I coltivatori, che hanno dovuto lasciare Castelluccio dopo i terremoti del 24 agosto e 30 ottobre, sono arrivati questa mattina davanti alle mura di Norcia “perché le soluzioni proposte dalle istituzioni sono di fatto insostenibili e costringono ad un tragitto di almeno 4 ore per raggiungere i campi da seminare con trattori, aratri, rulli, seminatrici e il seme necessari per garantire la tradizionale fioritura sull’altipiano”. Un percorso da fare tutti giorni, una cosa improponibile ed ecco a protestare affinché si trovi una soluzione nell’immediato.

«La regione sta al fianco degli agricoltori che hanno bisogno di risposte certe in termini di viabilità perché la semina della lenticchia, se non viene fatta entro 10 giorni, salta per quest’anno. Questo sarebbe un grande problema non tanto per gli agricoltori, ma per l’Umbria e i suoi prodotti di maggiore qualità». Lo ha detto Fernanda Cecchini, assessore regionale all’Agricoltura dell’Umbria, che ha preso parte al “carosello” dei trattori, salendo proprio a bordo di uno dei 40 mezzi agricoli che hanno sfilato attorno alle mura della città.

Il problema è la viabilità. «La verità che in questi mesi abbiamo accelerato tutto quanto per fare in modo che ognuno avesse un ricovero per gli animali, per gli attrezzi e per le scorte alimentari. Siamo oltre l’80% per tutto quello che riguarda le risposte alla zootecnia. In questo caso – ha aggiunto – c’è bisogno che le istituzioni preposte, l’Anas, la provincia, d’intesa con protezione civile e la regione dia nel più breve tempo possibile una via d’accesso a Castelluccio per poter far transitare i trattori».
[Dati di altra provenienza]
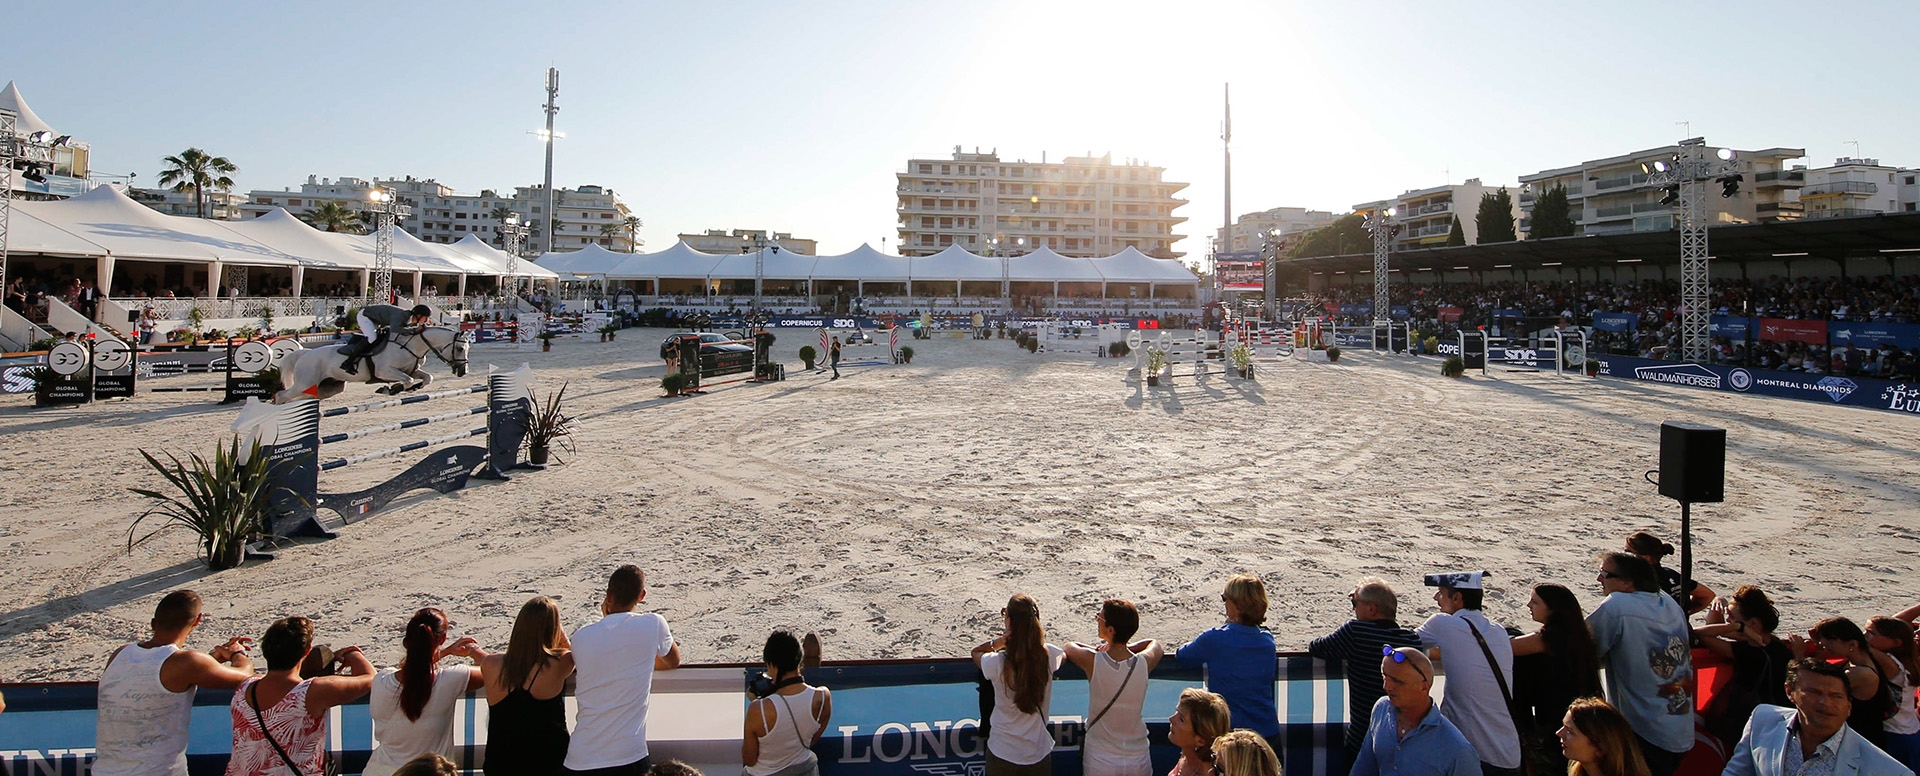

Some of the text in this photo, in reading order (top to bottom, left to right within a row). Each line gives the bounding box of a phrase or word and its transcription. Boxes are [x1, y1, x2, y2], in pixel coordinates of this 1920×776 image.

[781, 319, 823, 327] COPERNICUS
[833, 319, 855, 328] SDG
[1504, 349, 1538, 366] SDG
[1756, 378, 1852, 394] MONTREAL DIAMONDS
[274, 443, 303, 455] LONGINES
[284, 447, 312, 457] CHAMPIONS
[350, 495, 374, 507] Cannes
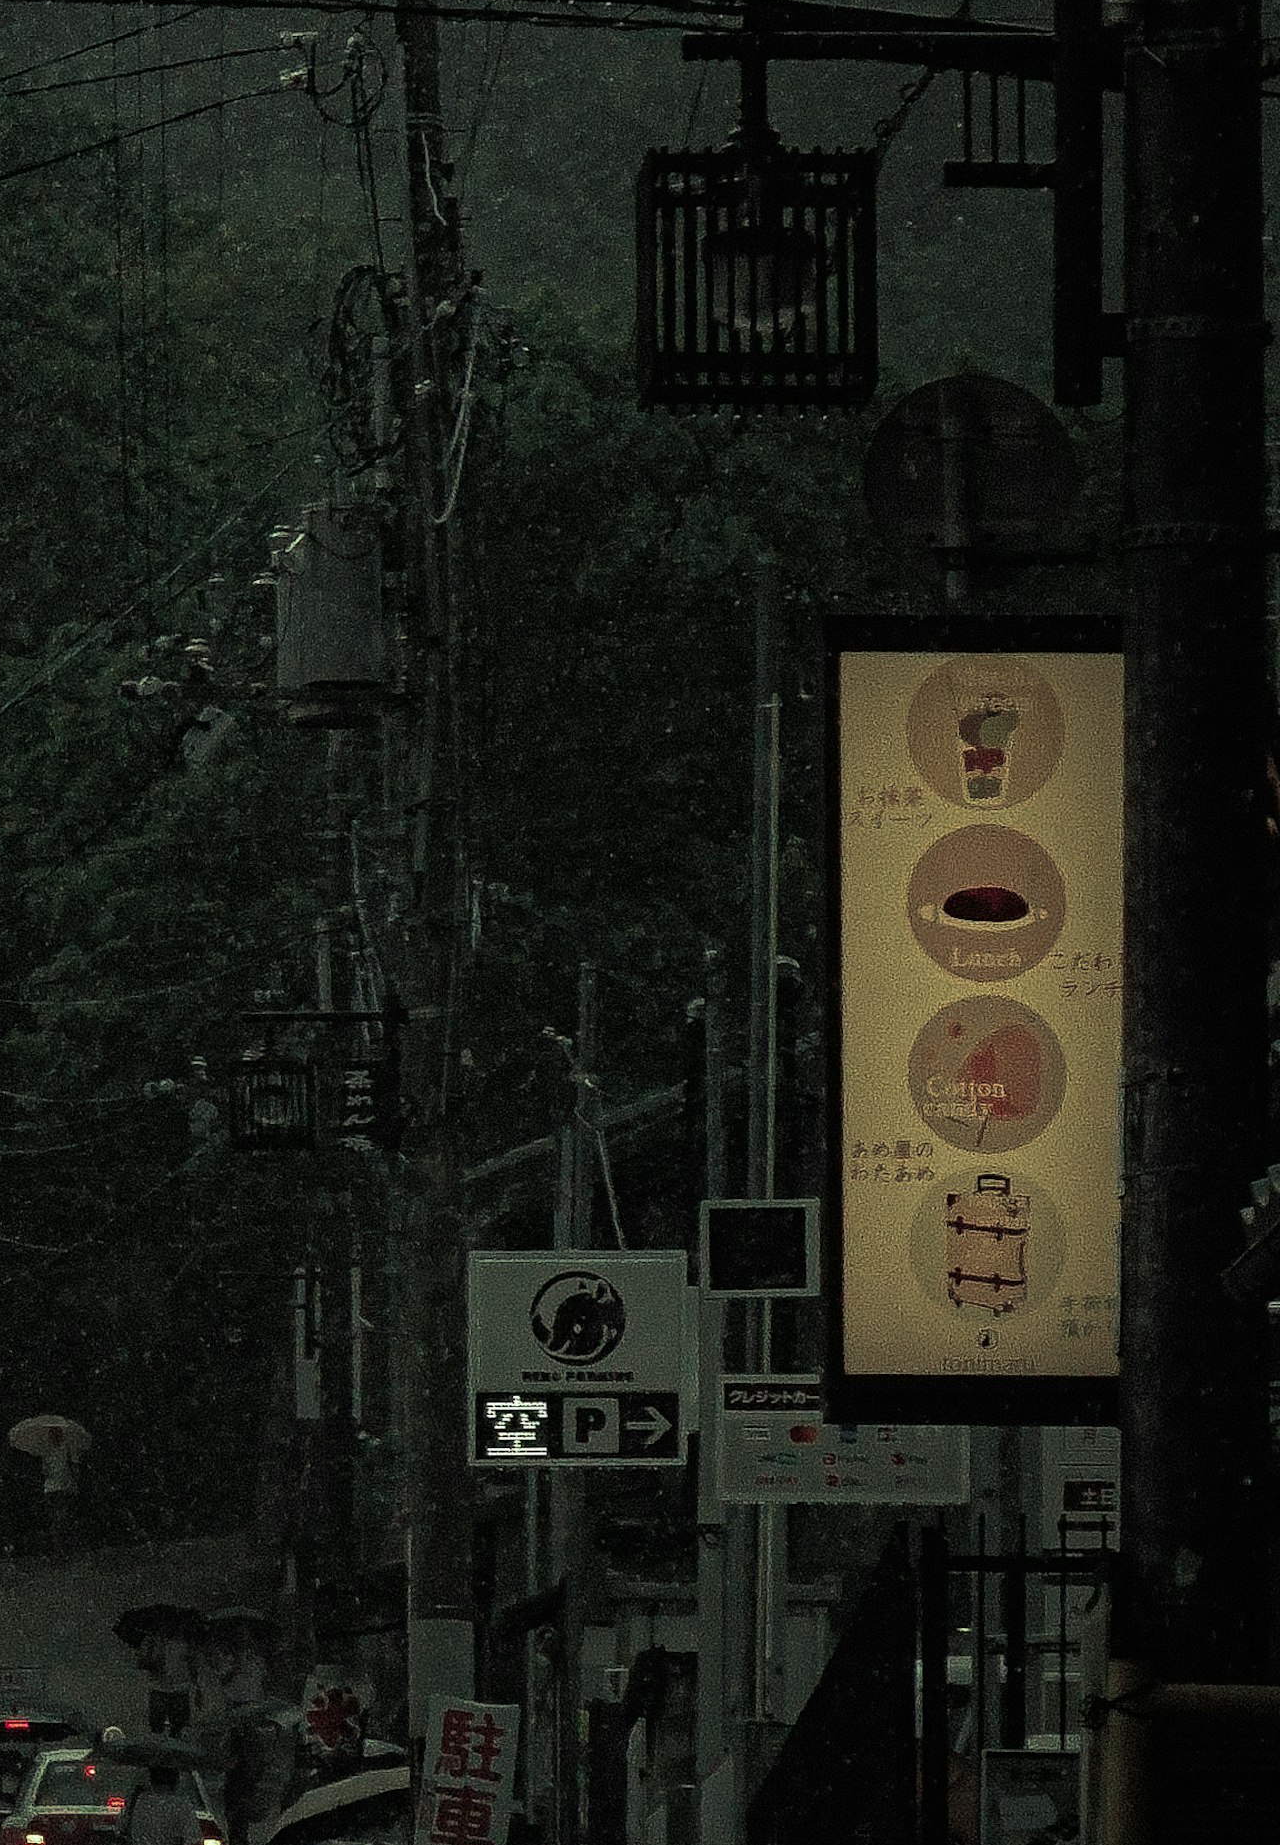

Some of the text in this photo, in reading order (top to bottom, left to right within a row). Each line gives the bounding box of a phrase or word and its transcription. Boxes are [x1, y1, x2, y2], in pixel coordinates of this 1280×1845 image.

[951, 947, 1022, 969] Lunch
[925, 1074, 1007, 1102] Cotton
[486, 1394, 549, 1457] 空
[575, 1406, 607, 1444] P
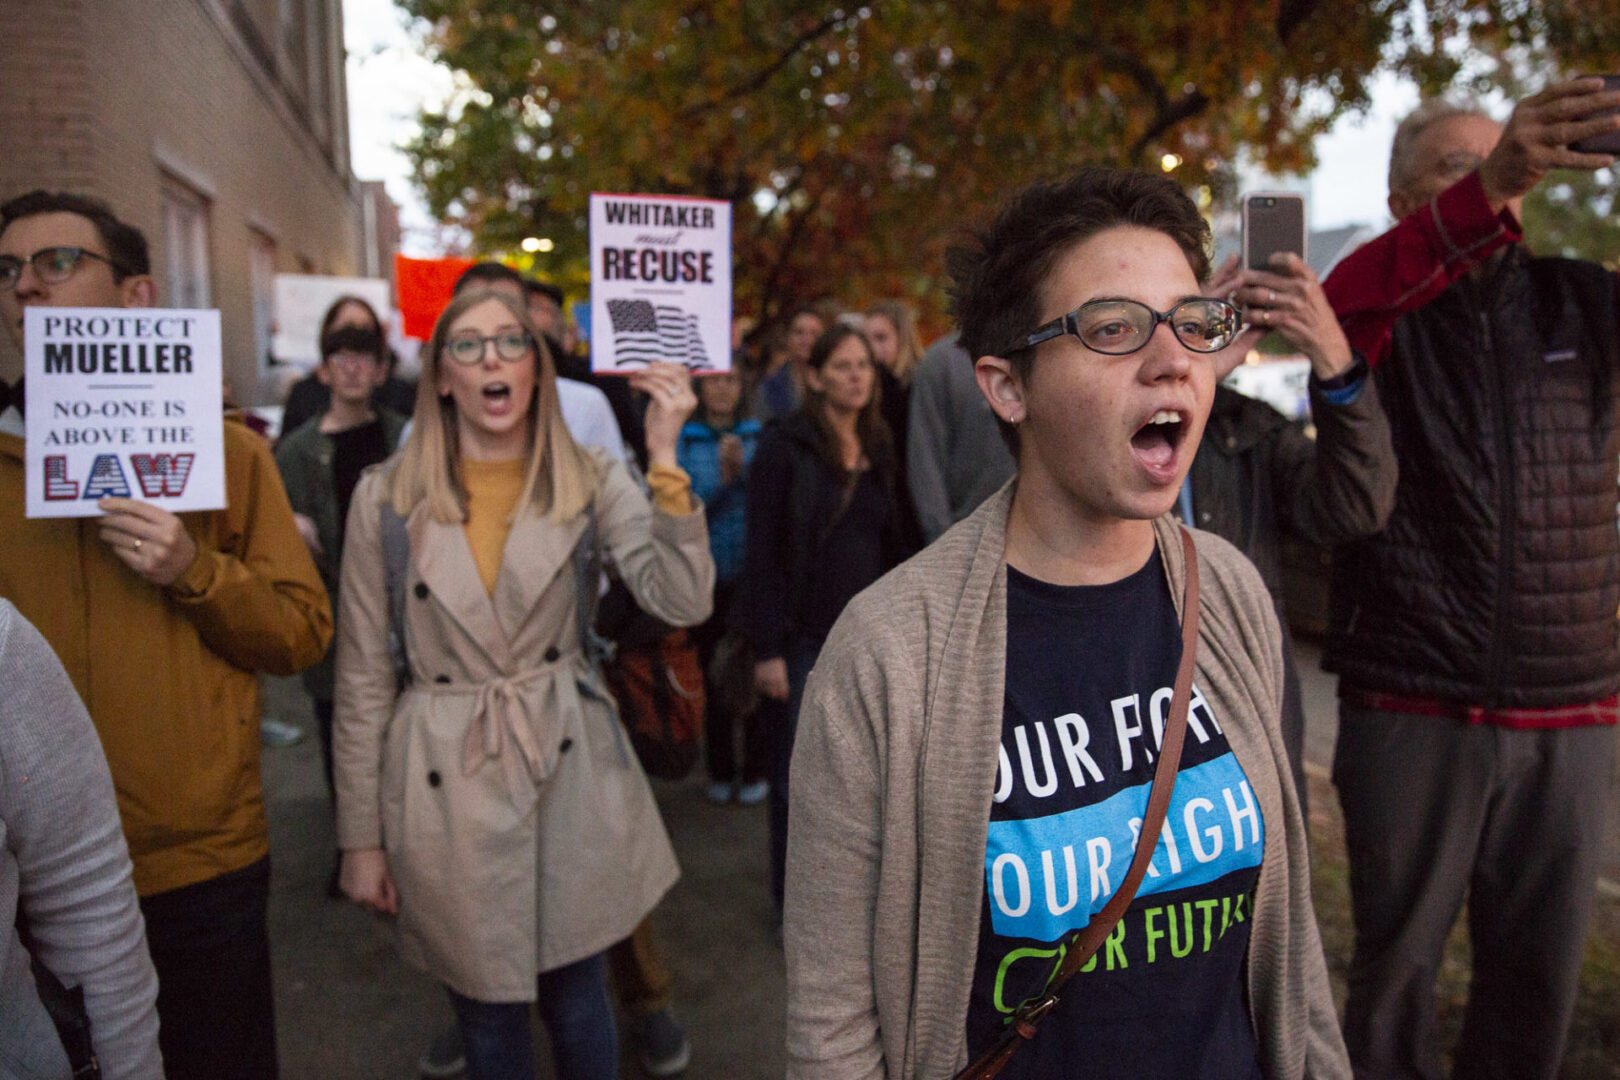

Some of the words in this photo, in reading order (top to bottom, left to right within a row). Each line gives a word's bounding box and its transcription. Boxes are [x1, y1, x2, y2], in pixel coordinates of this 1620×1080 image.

C’è la possibilità di avere delle strutture ricettive dove poter ospitare gli agricoltori quando vanno a lavorare? «Le due strutture ricettive ci sono. Abbiamo fatto, su mio impulso, una riunione l’altro ieri che è doveva essere fatta un mese fa, assieme agli agricoltori di Castelluccio. Qualcosa non ha funzionato fino in fondo. C’è lo spazio – ha concluso l’assessore – per recuperare, sia per la viabilità, sia per avere disponibilità delle attività ricettive perché gli agricoltori, non possono fare avanti e indietro tutti i giorni, visto che la situazione è più complicata rispetto alla normalità e anche delle tensostrutture per poter ricoverare i mezzi e le sementi». Infine, l’assessore ha rimarcato che “tutti insieme risolveremo i problemi, gli agricoltori di Norcia e di Castelluccio non sono soli”.